Nearly all of federal appeals Judge Brett Kavanaugh’s female law clerks—21 of the 25 he hired—later clerked for the U.S. Supreme Court, a fact touted in a letter sent Thursday to the U.S. Senate Judiciary Committee.
Kavanaugh, nominated Monday to succeed retiring Justice Anthony Kennedy on the Supreme Court, has hired 48 law clerks—25 women and 23 men—since 2006, when he was appointed to the U.S. Court of Appeals for the D.C. Circuit. At his nomination ceremony Monday, Kavanaugh said: “I look for the best. My law clerks come from diverse backgrounds and points of view.
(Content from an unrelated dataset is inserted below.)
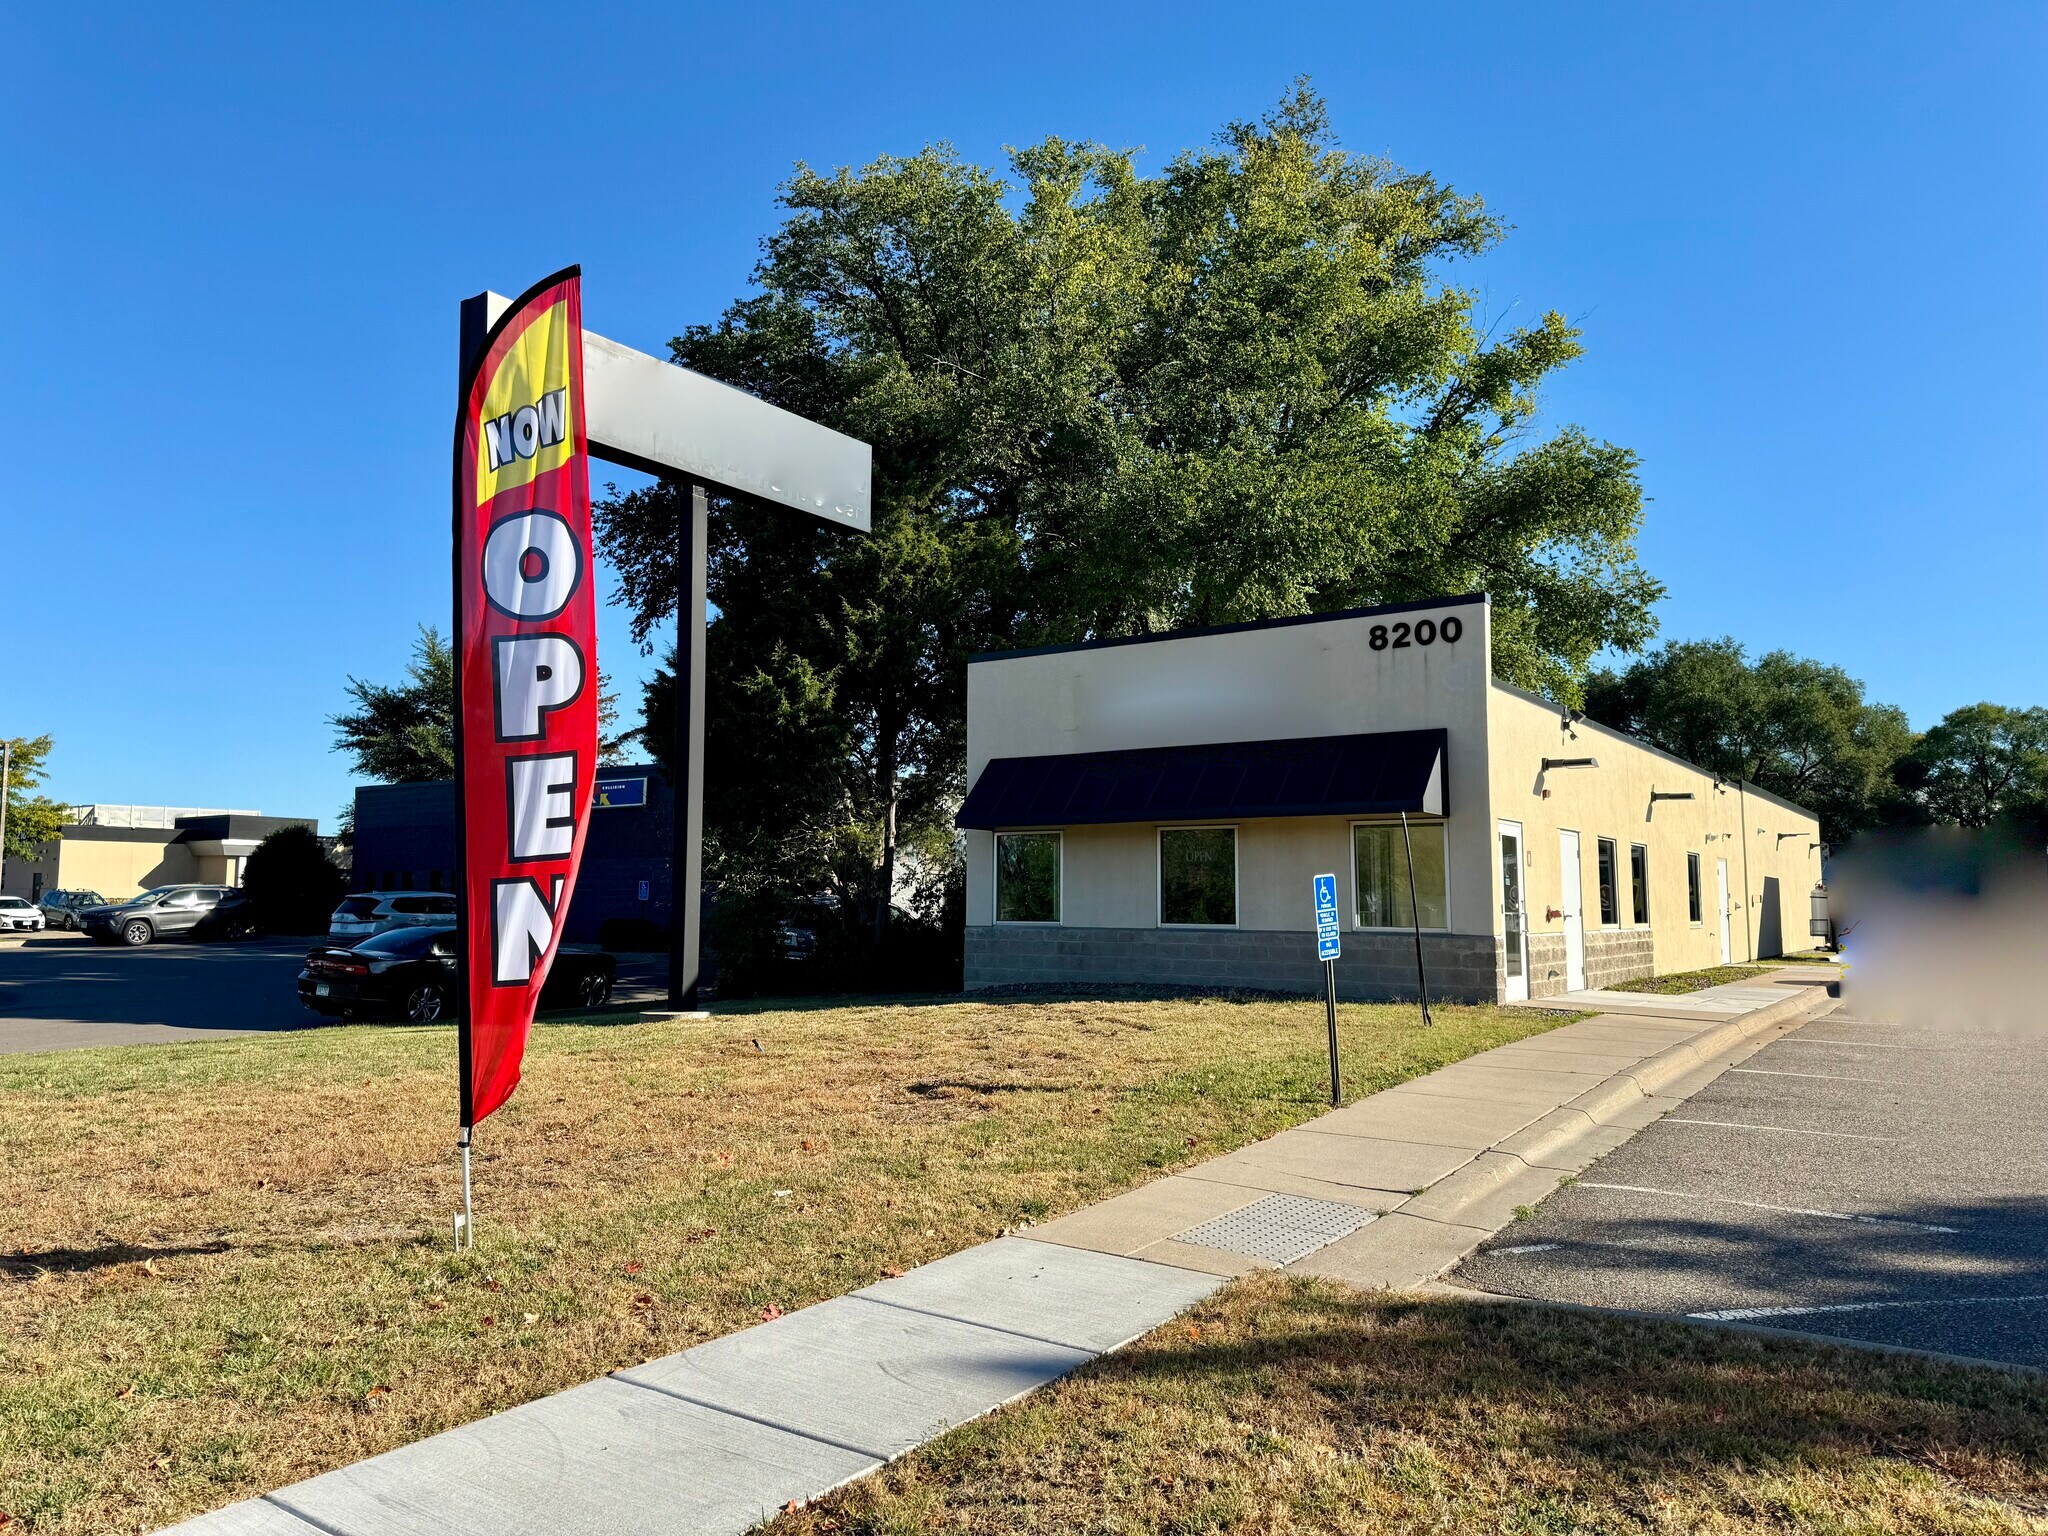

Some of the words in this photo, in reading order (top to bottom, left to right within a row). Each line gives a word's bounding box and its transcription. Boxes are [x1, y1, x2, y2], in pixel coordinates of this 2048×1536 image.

[485, 386, 566, 473] NOW
[1369, 616, 1463, 651] 8200
[481, 508, 584, 987] OPEN
I am proud that a majority of my law clerks have been women.”
Kavanaugh’s female clerks went on to work for Chief Justice John Roberts Jr. and Justices Antonin Scalia, Stephen Breyer, Sandra Day O’Connor, Clarence Thomas, Samuel Alito Jr. and Sonia Sotomayor.
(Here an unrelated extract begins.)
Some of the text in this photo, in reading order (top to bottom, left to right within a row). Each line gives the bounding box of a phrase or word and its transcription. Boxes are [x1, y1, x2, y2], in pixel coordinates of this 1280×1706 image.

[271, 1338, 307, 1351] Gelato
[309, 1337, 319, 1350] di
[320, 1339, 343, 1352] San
The 18 female law clerks who signed the letter—seven others were “precluded by our current or pending employment”—said they wanted to “convey our uniformly positive experiences with the judge as a boss on issues of gender and equality in the workplace.”
“We know all too well that women in the workplace still face challenges, inequality, and even harassment. Among other things, women do not enjoy a representative share of prestigious clerkships or high-profile legal positions. But this committee, and the American public more broadly, should be aware of the important work Judge Kavanaugh has done to remedy those disparities. In our view, the judge has been one of the strongest advocates in the federal judiciary for women lawyers.”
Kavanaugh was “a dedicated mentor to all of his clerks, men and women alike. He has counseled us on our career options, provided honest and highly valued recommendations to prospective employers, and sometimes given a much-needed nudge to those of us who doubted whether we were qualified to chase our ambitions.”
Kavanaugh was a former clerk to the disgraced Alex Kozinski, an ex-judge on the U.S. Court of Appeals for the Ninth Circuit who resigned last year amid an investigation of alleged sexual impropriety that involved law clerks. Kozinski denied any misconduct. The federal judiciary in June issued a report, in the aftermath of the Kozinski scandal, addressing workplace misconduct in the courts.
The Senate Judiciary Committee is being urged by some groups to question Kavanaugh about his clerkship for Kozinski, who praised his former clerk as a “positive delight” when he testified at his confirmation hearing for the D.C. Circuit.
The signatories on Thursday’s letter—posted in full below—included Caroline Van Zile, an associate at Skadden, Arps, Slate, Meagher & Flom; Julia Malkina, a Sullivan & Cromwell associate; Sarah Pitlyk, special counsel to the Thomas More Society; Jennifer Mascott, a professor at George Mason University Antonin Scalia Law School; Katie Wellington, a Hogan Lovells associate; Morgan Goodspeed, an assistant to the U.S. solicitor general; Caroline Edsall Littleton, an associate at Jones Day; Zina Bash, senior counsel to Texas Attorney General Ken Paxton and Porter Wilkinson, chief of staff to the regents of the Smithsonian Institution.